Unfortunately, the execution fell way short of the premise.
The main problem with this book is the worldbuilding. It's so vague and undefined I couldn't figure out if the author is talking about an alternate history or a post-climate-change (or post-pandemic, I suppose) dystopia. I realize this is novella length and there's not a lot of room for backstory, but hell, just give us a few more paragraphs to determine what's going on here! I think another page could have been spared for that.
Secondly, the descriptions of the landscapes are so sketchy I couldn't get a sense of place at all, and for a Western that would seem to be a fatal flaw. I mean, this is Arizona! Land of sand and saguaros (sometimes--see below), sweeping vistas and enormous skies, heat and dust and thirst and rattlesnakes! But none of that came through in the writing, and the story suffered for it.
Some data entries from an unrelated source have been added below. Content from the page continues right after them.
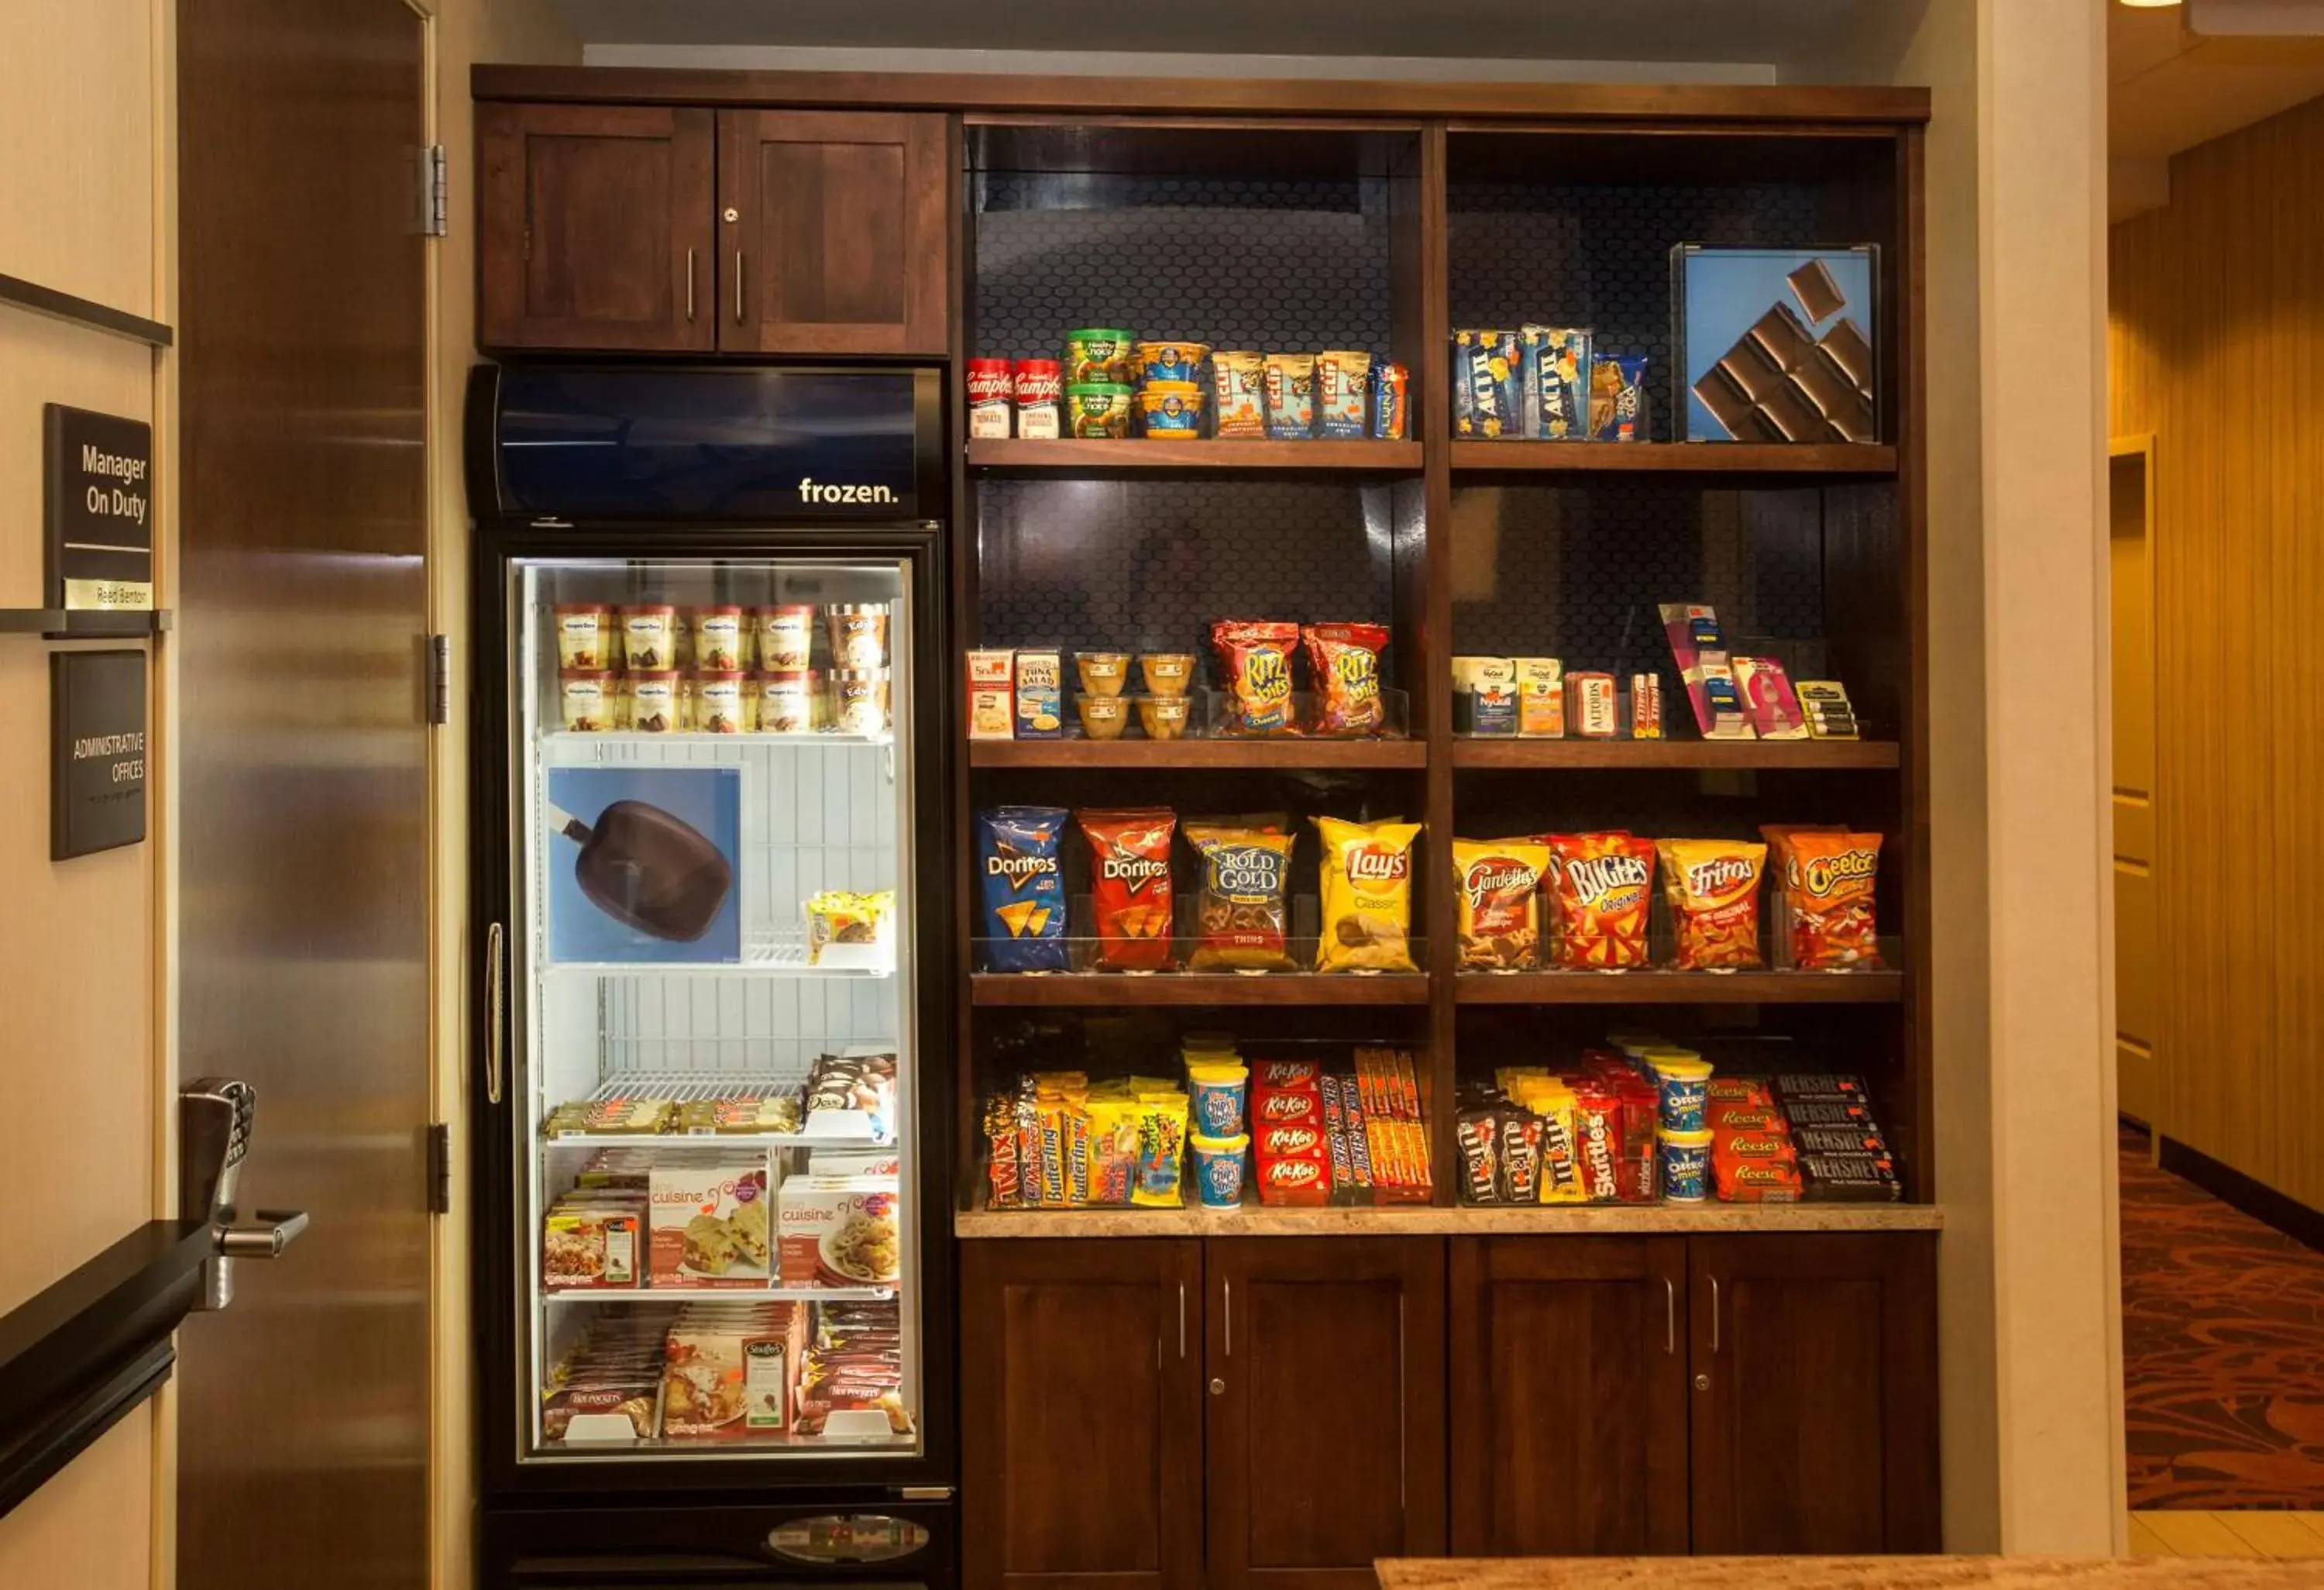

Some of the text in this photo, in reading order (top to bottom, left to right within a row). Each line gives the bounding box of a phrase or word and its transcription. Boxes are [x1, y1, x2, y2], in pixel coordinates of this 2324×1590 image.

[1217, 362, 1231, 396] CLIF
[1269, 366, 1283, 401] CLIF
[1325, 361, 1339, 395] CLIF
[1471, 350, 1498, 417] ACT II
[1540, 353, 1564, 417] ACT II
[1380, 382, 1394, 428] LUNA
[83, 444, 146, 485] Manager
[799, 477, 899, 503] frozen.
[87, 486, 146, 525] On Duty
[1026, 667, 1051, 677] TUNA
[1243, 654, 1286, 682] RITZ
[1336, 653, 1377, 680] RITZ
[1022, 676, 1055, 686] SALAD
[1590, 682, 1602, 729] ALTOIDS
[74, 731, 143, 760] ADMINISTRATIVE
[112, 759, 143, 783] OFFICES
[988, 856, 1057, 875] Doritos
[1104, 859, 1168, 878] Doritos
[1226, 853, 1274, 871] ROLD
[1349, 848, 1408, 879] Lay's
[1219, 869, 1277, 890] GOLD
[1464, 863, 1538, 909] Gardetto's
[1566, 854, 1648, 906] BUGLES
[1689, 859, 1753, 896] Fritos
[1354, 897, 1397, 910] Classic
[1668, 1095, 1704, 1107] OREO
[1590, 1114, 1616, 1196] Skittles
[1730, 1137, 1780, 1151] Reese's
[993, 1134, 1018, 1196] TWIX
[1668, 1162, 1703, 1173] OREO
[651, 1192, 704, 1204] cuisine
[782, 1209, 835, 1222] cuisine
(And one point in particular bugged me, since I live here. The town of Sedona is mentioned, with the implication that a particular action piece is taking place fairly close to it, and the country around Sedona is not a desert. The elevation is about 4500 feet, and according to Wikipedia, "Sedona is located in the interior chaparral, semi desert grassland, Great Basin conifer woodland biomes of northern Arizona." There is no indication of this distinction at all in the writing, and this kept throwing me out of the story.)
The characters fare a little better, with the protagonist Esther in particular and her love interest Cye having nice little arcs. However, this was not enough to offset the poor worldbuilding. The author had some good ideas here, but they simply didn't pull said ideas off.